The Essays of The Man From the North by Rivera Sun
Writer, Dandelion Salad
January 6, 2019
The tools of nonviolent action and the skills of struggle are as vital to these times as reading, writing, and arithmetic. Training to use them is as essential as learning how to use a computer. The ability to boycott and strike is as important as the ability to drive a car. Every citizen who knows how to use email should also know how to protest, walk-out, shut-down, occupy, blockade, and more. This is the only way the power of the people can hold the power of oligarchs in check.
Before the oligarchs concluded that the study of civics was detrimental to the longevity of their rule, every elementary student learned about checks-and-balances. Theoretically, the legislative, executive, and judicial branches of government were supposed to hold each other in balance. It was a reassuring fairy tale for the average citizen, but it never served the average citizen. This system of checks-and-balances merely held one oligarchic faction in check with the other. Nothing in the arrangement guaranteed that the government would be responsive to the ordinary peoples’ needs.
When oligarchs are the only ones who sit in Congress, occupy the Oval Office, and wield the judge’s gavel, then it is a government of, by, and for the oligarchs, responsive only to their elite interests … not to ours. This has been the case since the earliest days of the formation of the United States. The Founding Fathers must have suspected that the slogan, “a government of, by, and for rich, white men” wouldn’t produce the revolutionary fervor they needed to overthrow King George’s colonial rule. The phrase “of, by, and for the people” sounded far more inspiring to the thousands who waged struggle with mass acts of noncooperation, importation boycotts, civil disobedience of unjust British laws, and collective refusal to pay the Stamp Tax. Many more fought and died for an illusion of inclusion in the definition of “We, the People”. The history of the United States has been one long struggle for inclusion that continues to this very day.

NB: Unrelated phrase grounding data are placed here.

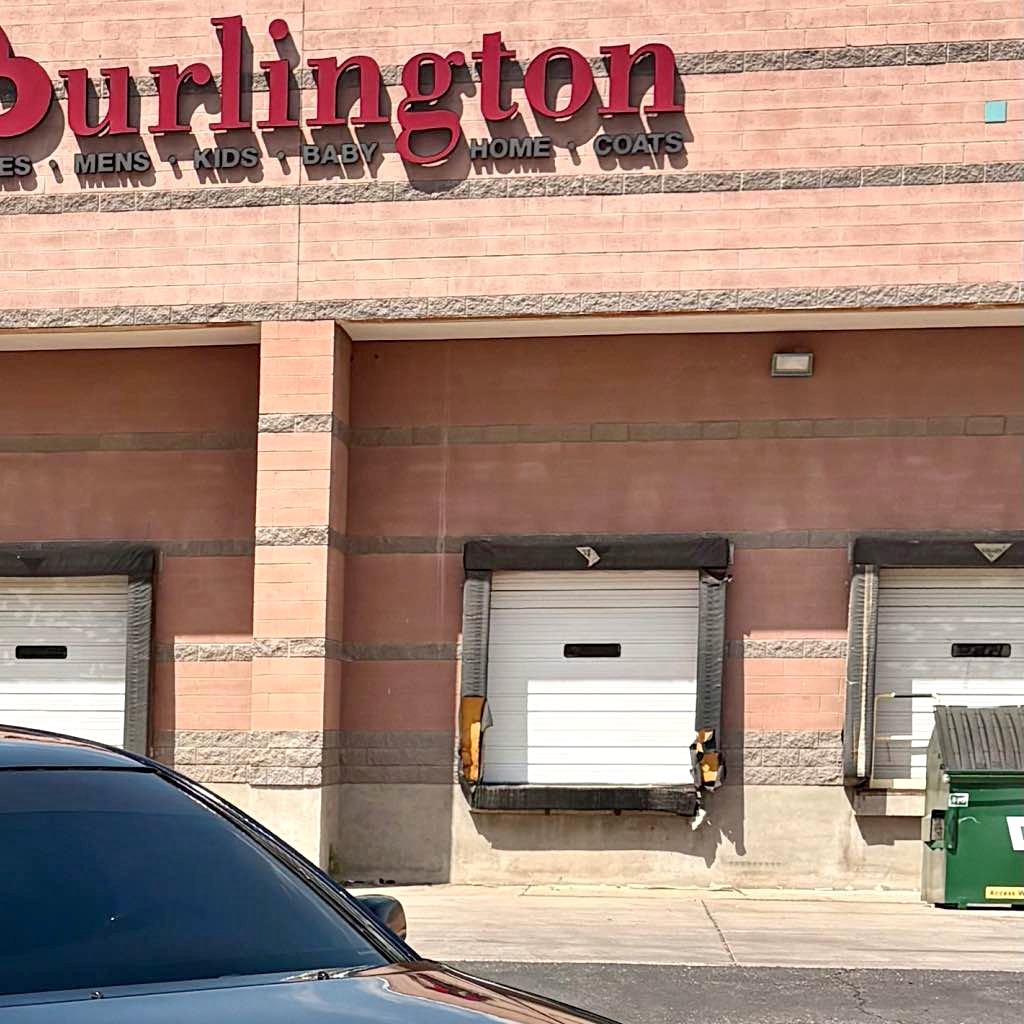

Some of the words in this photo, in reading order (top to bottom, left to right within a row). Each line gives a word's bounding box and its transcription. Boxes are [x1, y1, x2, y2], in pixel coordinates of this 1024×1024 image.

[74, 151, 152, 174] MENS
[193, 147, 260, 169] KIDS
[303, 142, 378, 165] BABY
[470, 137, 553, 160] HOME
[593, 132, 684, 156] COATS

If we learn nothing else from our history, we should know this: the tools of nonviolent struggle should never lose their edge, gather dust, or fall from active use among the people. To gain — and maintain — a true government of, by, and for the people, all 100% of us must grasp the considerable power of collective non-cooperation, disruption, and intervention. We must do so with regularity and with ferocity. Our own history of social justice illuminates this truth: women’s suffrage was only gained through the direct action of women, African-Americans gained functional rights and equality only when they organized; workers achieved wage increases only when unions and movements went on strike.

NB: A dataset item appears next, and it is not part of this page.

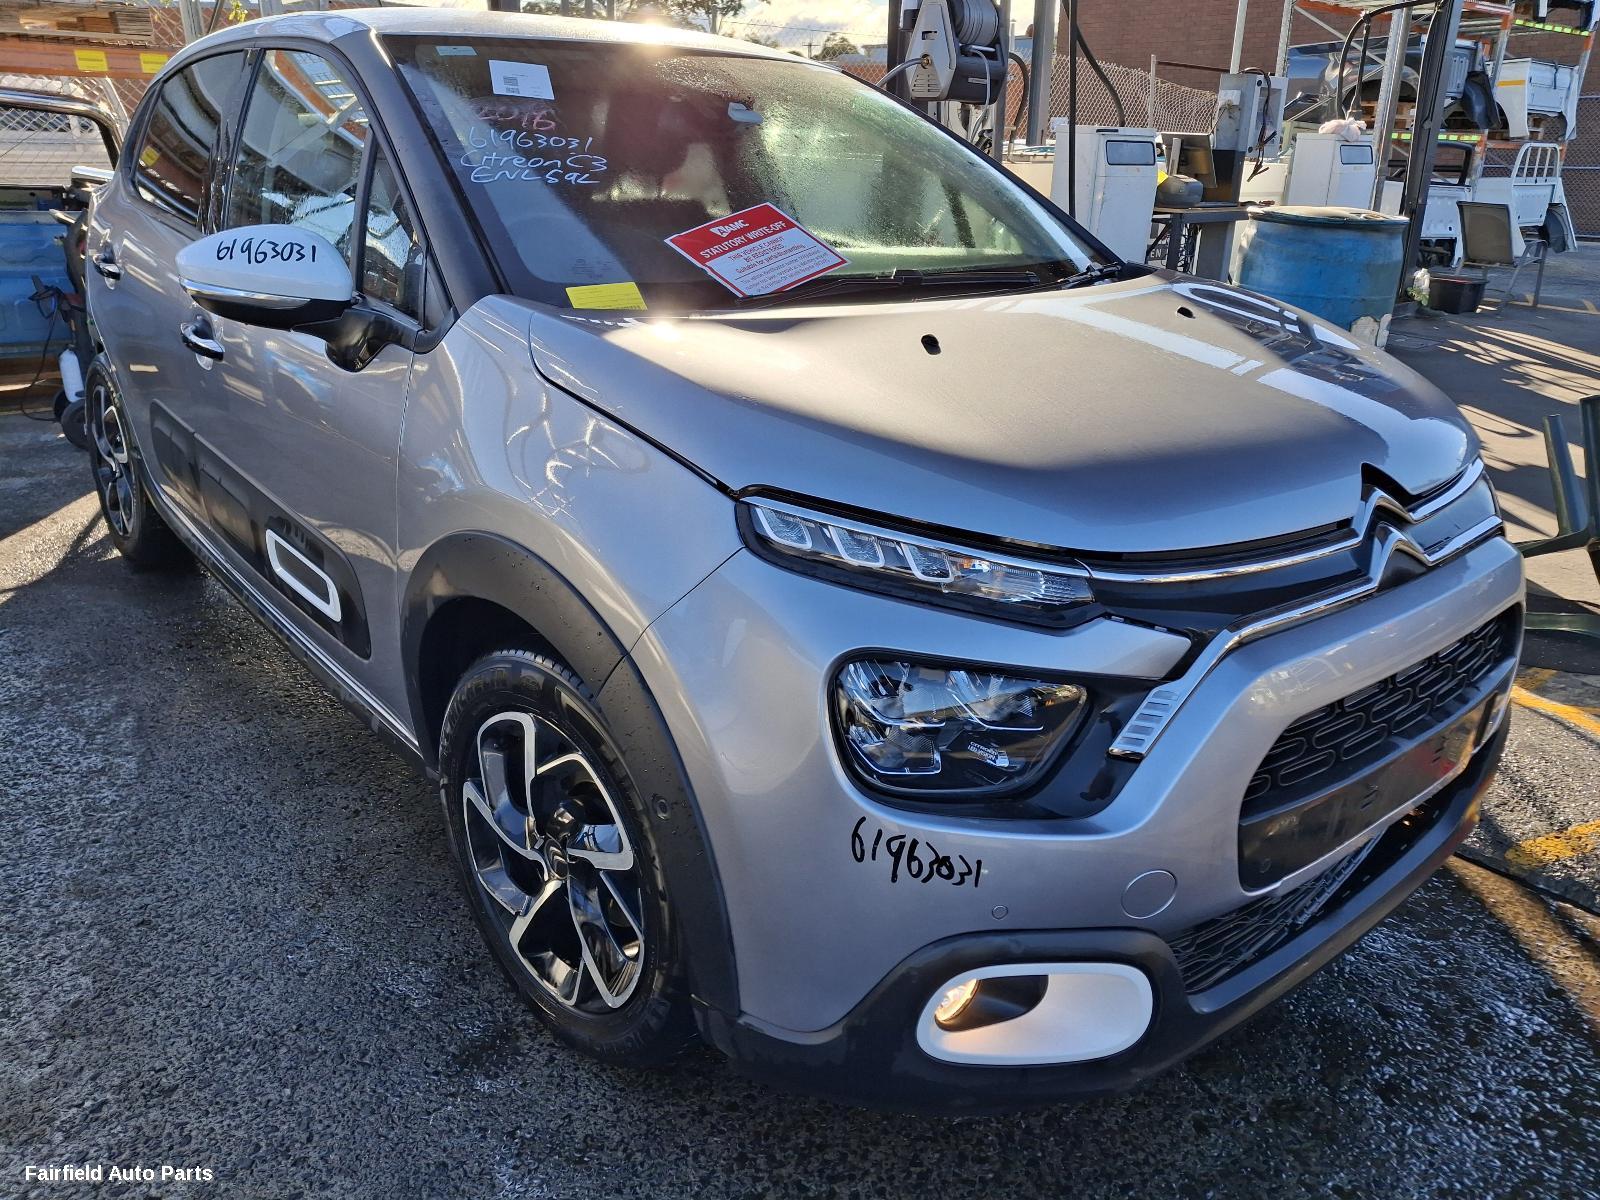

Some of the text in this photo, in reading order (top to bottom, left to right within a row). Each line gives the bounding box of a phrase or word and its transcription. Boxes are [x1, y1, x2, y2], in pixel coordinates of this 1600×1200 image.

Maintaining the common use of the tools of nonviolent struggle can be aided by adding the legal right to use them to our laws. We need a second Bill of Rights that preserves not just the right to Speech, Assembly, and Petition, but also the right to organize, to strike, to form unions, to boycott unjust businesses, to engage in collective disobedience of unjust laws, and more. Such a Bill of Rights would make evident that the demonstrated “will of the People” is respected and viewed as a legitimate political force.
Don’t hold your breath waiting for this to happen. Oligarchs are unlikely to enshrine anything that limits their power. However, the lack of such laws should not stop the populace from using nonviolent struggle. Indeed, in the history of global movements for change, the banning or prohibition of movement activity and dissident organizing has not stopped people from rising up for justice. Many movements have circumvented the laws in order to mobilize for change. Even in places where the knowledge of nonviolent struggle is banned, people have circulated important literature and workshops on how to wage struggle. In Chile, citizens met in small groups to train to overthrow the Pinochet regime. In the Philippines, the Catholic Church hosted the trainings. In other places, banned pamphlets were shared at great personal risk. In Soviet Bloc nations, hidden presses printed literature about nonviolent struggle clandestinely. As long as knowledge of nonviolent struggle is essential to social, political, and human rights, people will find ways to access it.
In the end, it is the people’s willingness to learn and use nonviolent struggle that ultimately liberates them. The absence of our willingness to use nonviolent struggle is what keeps us disenfranchised, disempowered, chained to the corrupt system, floundering for savior figures, and failing to achieve most of our social justice goals.
Currently, the US populace views nonviolent action as something unusual and out-of-the-ordinary. “Activists” are distinct from citizens. But if boycotts, strikes, walk-outs, and shut-downs became as common as calling your senator or signing a petition, we would rapidly and effectively win major social justice advances. Nonviolent struggle is not about pleading with politicians to do “the right thing”. It is not about voting the “right” people into power to do the right thing. It is about grasping the ability to non-cooperate, disrupt, and intervene in the activity of a society in pursuit of tangible changes for social justice.
Nonviolent struggle empowers the people to hold all aspects of their society accountable. Nonviolent action’s capacity to withdraw support, or disrupt systems of oppression, and intervene in injustice can target any institution, business, social practice or group, political party or policy, and cultural behaviors and beliefs.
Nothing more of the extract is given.